Early mornings in Simbariland are a photographer’s paradise. Round houses seem to float in the fog while cooking fires push smoke up through the thatched roofs. Simbari women scurry to their early morning tasks, wearing unique bark capes. Little girls, their smaller capes wrapped tight against the cold, follow closely. At an early age they are taught to be a good Simbari wife.
On the ground reality hits hard. Rain soaks the clay soil 180 days a year. The slick clay sticks to everything and everyone. One moment you are standing on a trail and the next — BAM! — you are sitting on the trail, covered in clay. Staying upright is a challenge for the missionaries living and working among the Simbaris.
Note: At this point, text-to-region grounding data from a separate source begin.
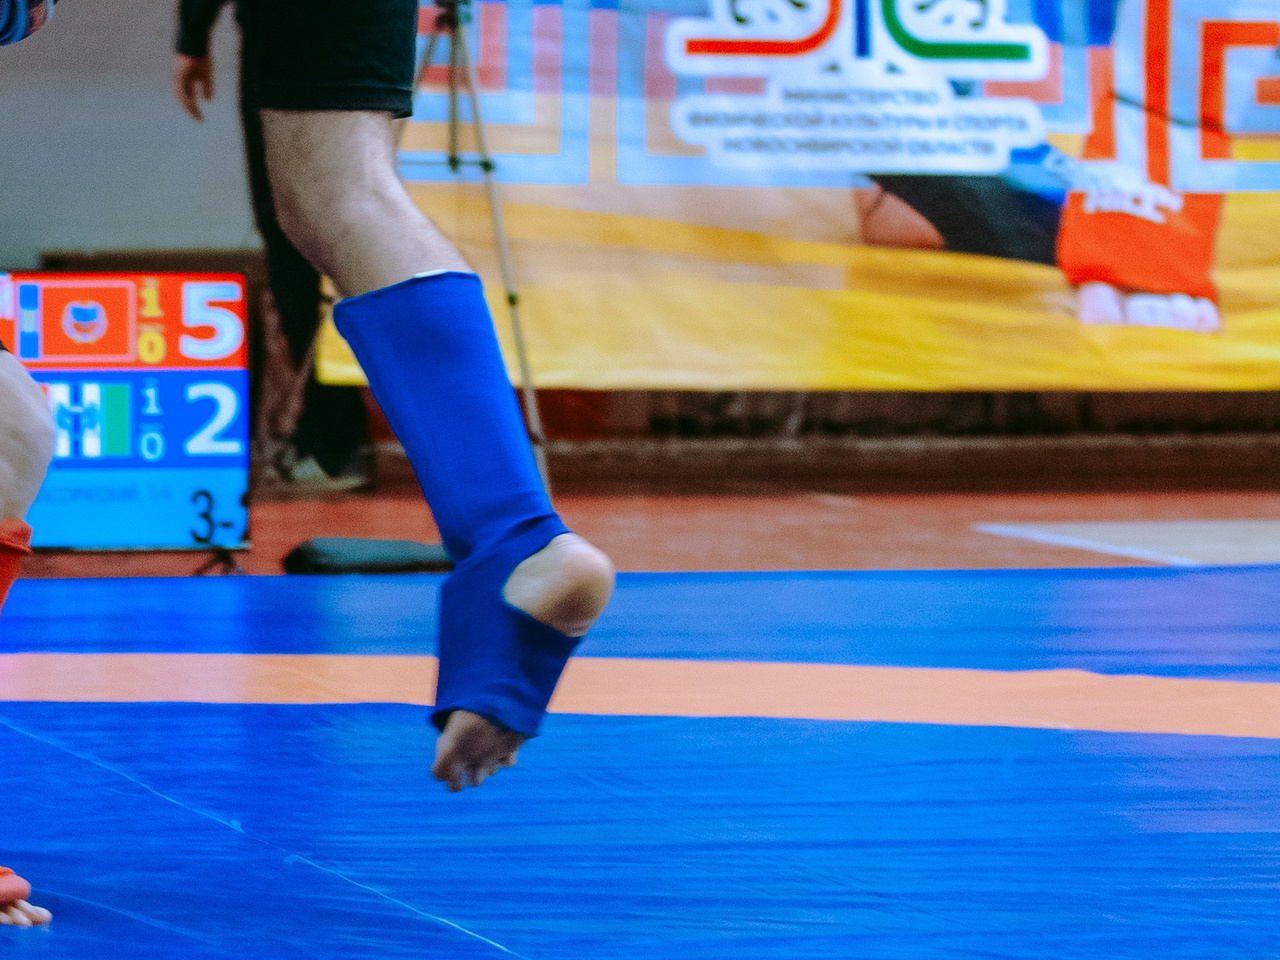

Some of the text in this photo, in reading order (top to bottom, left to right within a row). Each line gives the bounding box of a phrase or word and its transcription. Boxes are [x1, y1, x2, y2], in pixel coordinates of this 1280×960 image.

[180, 282, 244, 360] 5
[137, 331, 166, 364] 0
[184, 383, 242, 455] 2
[140, 431, 165, 462] 0
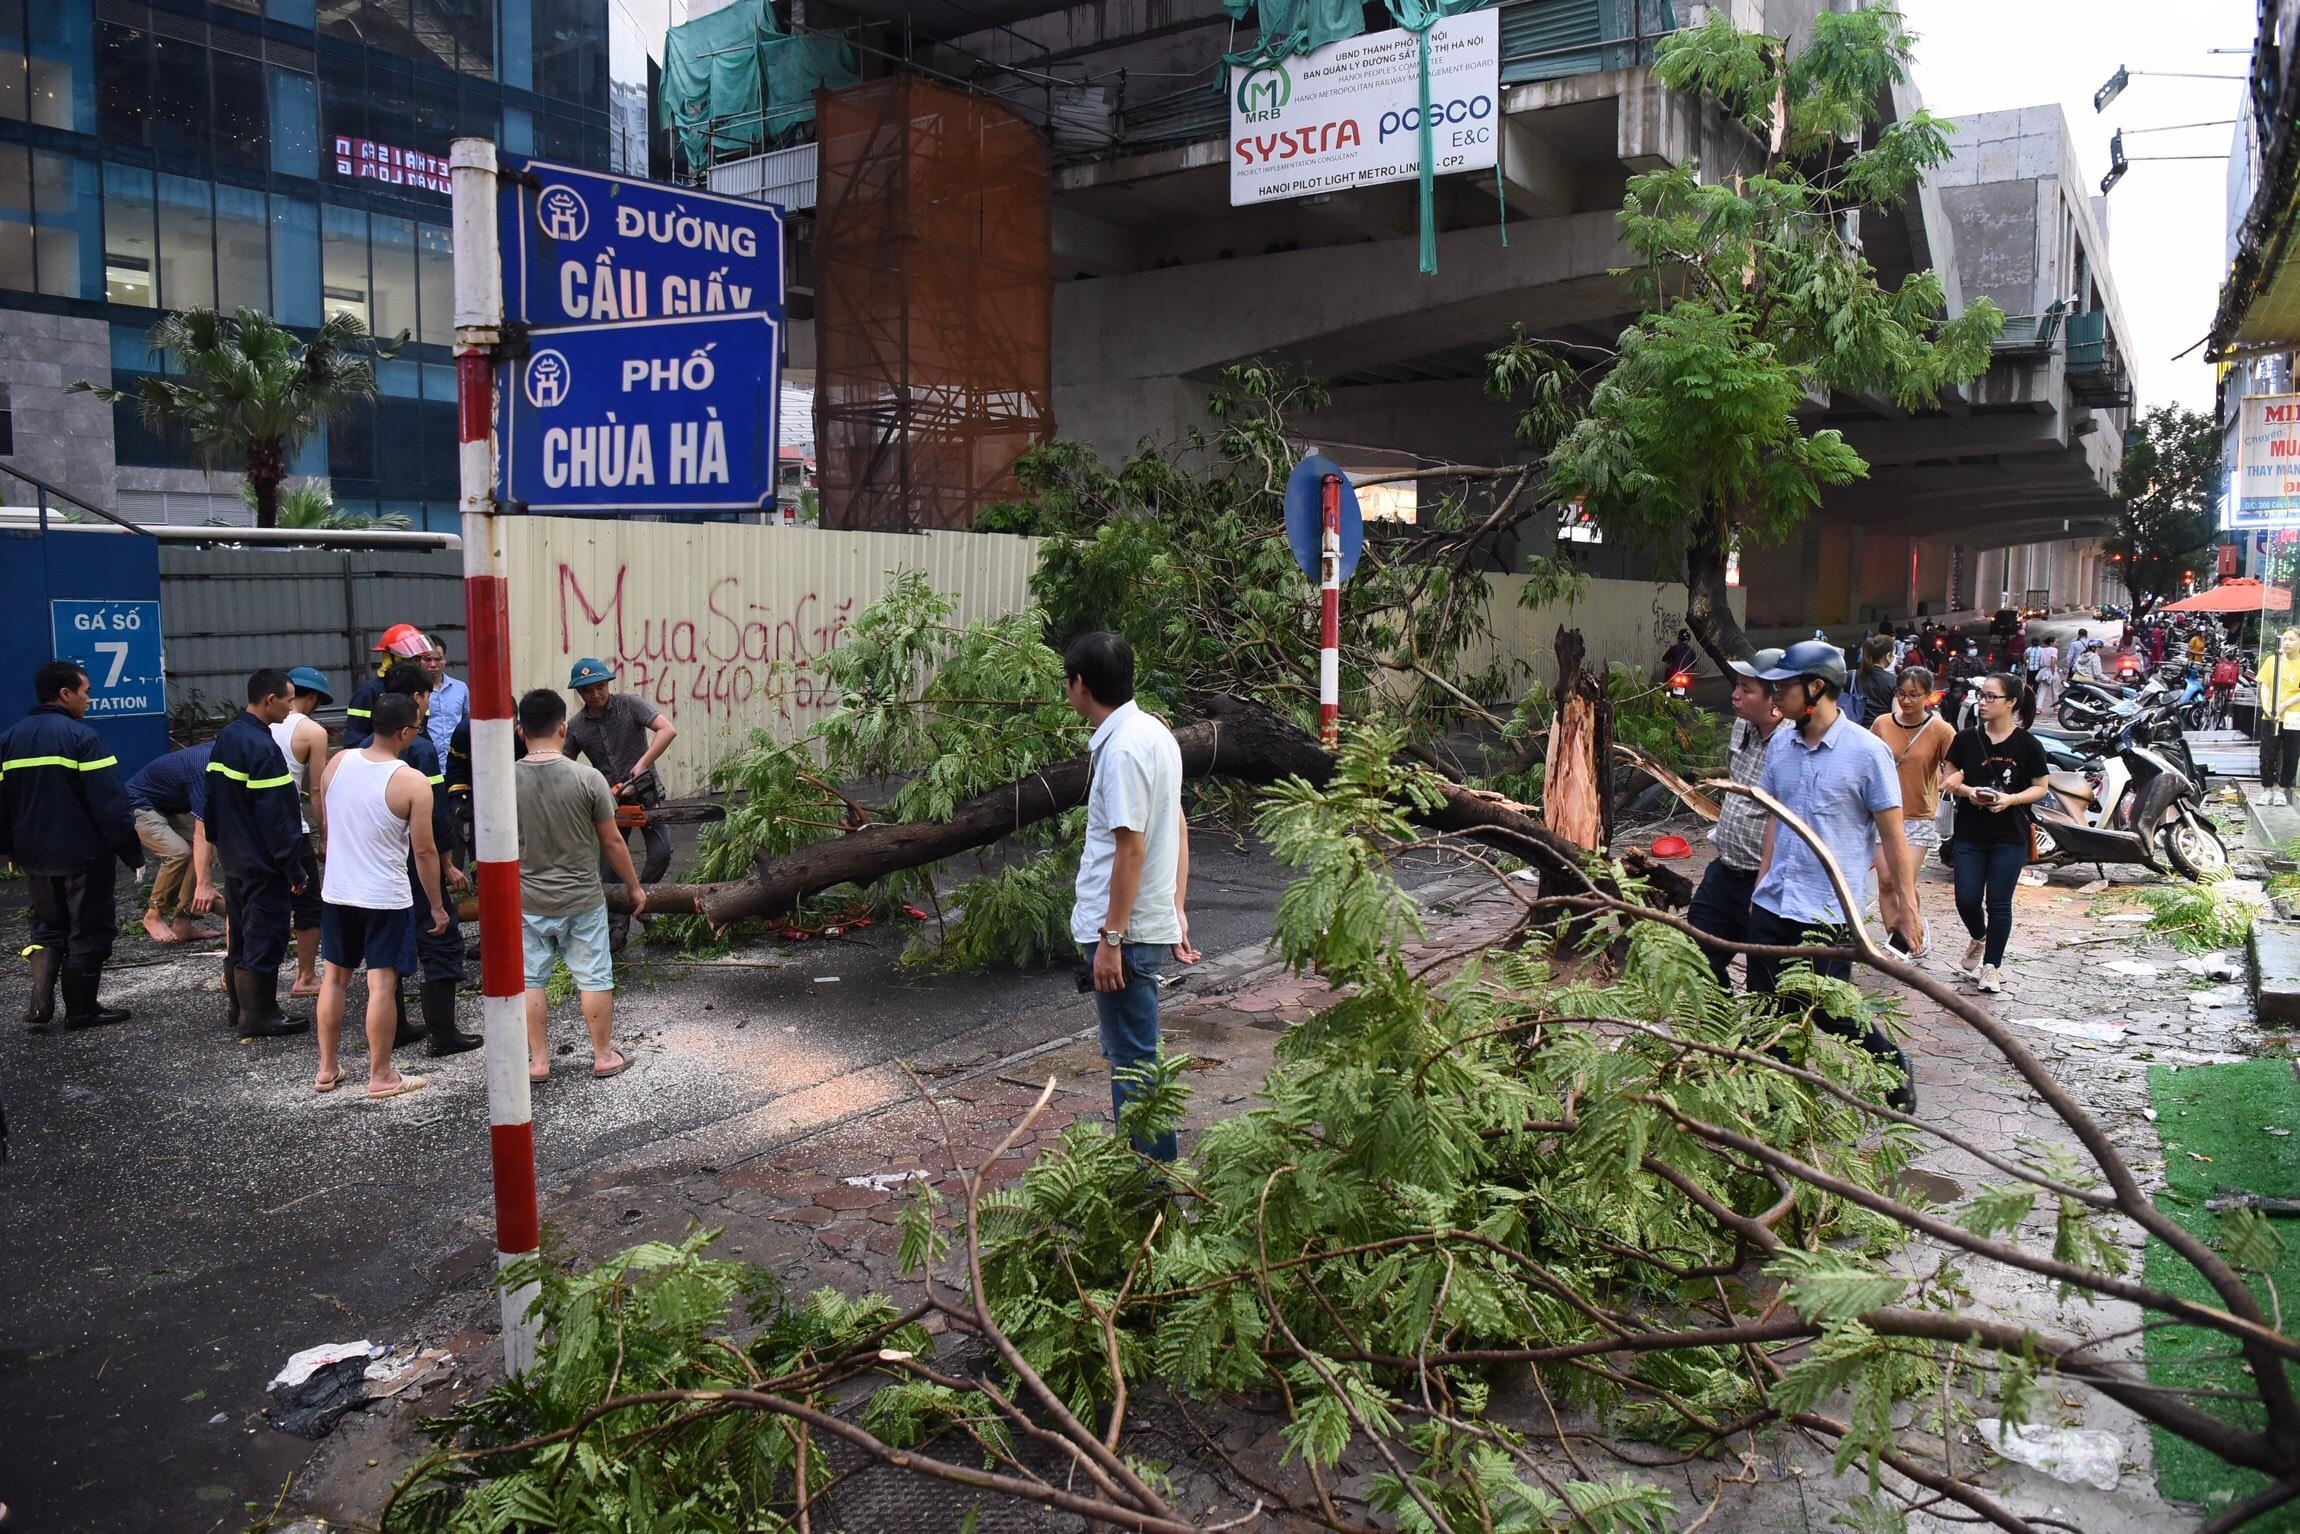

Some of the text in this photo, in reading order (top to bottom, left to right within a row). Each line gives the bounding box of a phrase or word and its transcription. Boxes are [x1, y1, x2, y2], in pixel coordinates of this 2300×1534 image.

[1336, 49, 1360, 61] UBND
[1294, 93, 1317, 104] HANOI
[1318, 82, 1374, 99] METROPOLITAN
[1375, 75, 1407, 87] RAILWAY
[1465, 59, 1494, 71] BOARD
[1303, 69, 1321, 80] BAN
[1338, 73, 1361, 83] HANOI
[1245, 108, 1281, 124] MRB
[1452, 127, 1490, 147] E&C
[1236, 151, 1359, 177] PROJECT IMPLEMENTATION CONSULTANT
[1259, 182, 1290, 196] HANOI
[1292, 177, 1322, 191] PILOT
[1325, 172, 1356, 186] LIGHT
[1358, 165, 1397, 180] METRO
[1442, 155, 1464, 167] CP2
[616, 203, 757, 257] ĐƯỜNG
[560, 246, 648, 320] CẦU
[622, 343, 716, 392] PHỐ
[543, 406, 730, 489] CHÙA HÀ
[2247, 465, 2272, 477] THAY
[112, 607, 141, 631] SỐ
[559, 563, 697, 664] Mua
[94, 641, 129, 688] 7
[86, 696, 147, 711] TATION
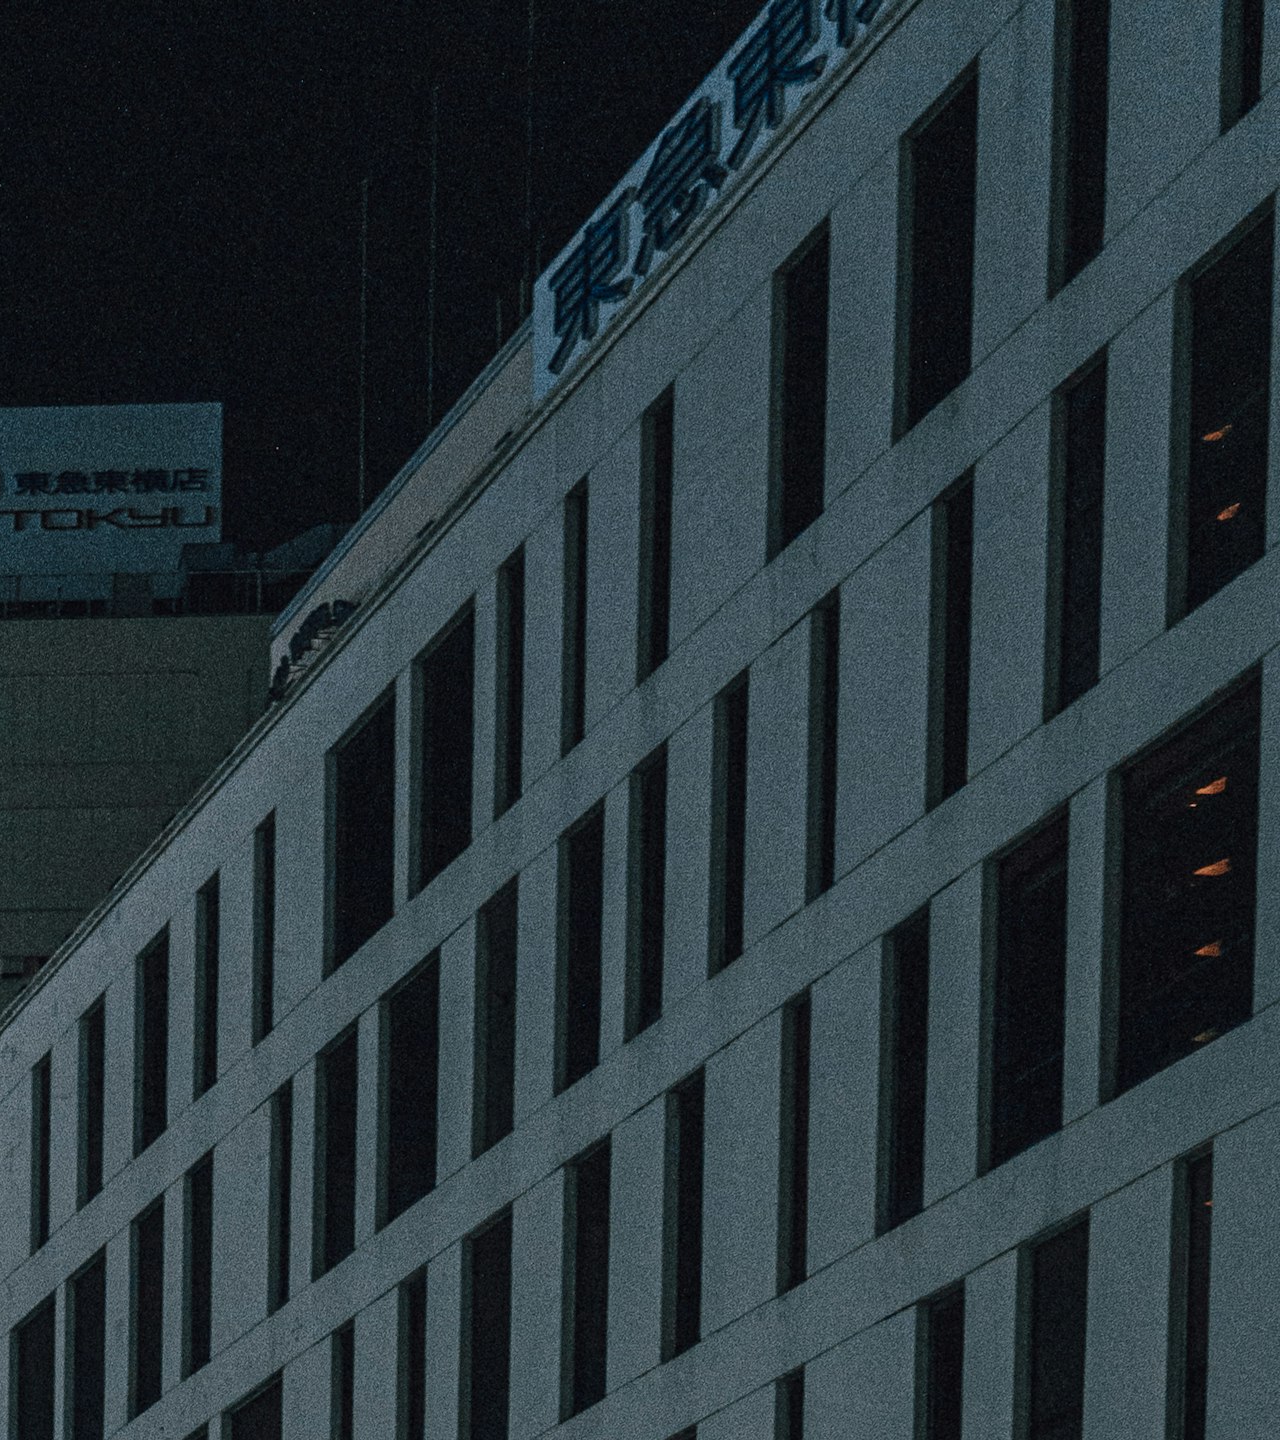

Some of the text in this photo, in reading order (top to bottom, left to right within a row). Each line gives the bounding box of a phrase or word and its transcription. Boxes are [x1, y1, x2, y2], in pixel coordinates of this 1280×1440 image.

We were there to film the exciting process going on within the Simbari tribe. We had heard great things about this small band of believers. The mature church is growing and has sprung a leak! Yes, the Gospel message is spreading to other villages. What was one is now many.
God is using Simbari church leaders like Raymond to spread His message. With his education he could travel to the nearby town and get a better paying job, but Raymond has chosen to stay in his village to help missionaries translate the Scripture and see the church grow.
After one lengthy Sunday service, Raymond climbed three hours to the top of the clay-covered mountain behind his village to find a cell phone signal. At an appointed time he called fellow believers who live in town and over the phone taught that Sunday’s lesson from Ephesians.
God is building his church and it is going to take more than just the western missionaries to get the job done. In this issue of NTM@work you are going to read about tribal believers who have the courage it takes to leave the ordinary and step up to lead fellow believers into deeper maturity.
P.S. Write me at firstname.lastname@example.org and let me know how you have been inspired by these courageous men and women whose stories are in this issue.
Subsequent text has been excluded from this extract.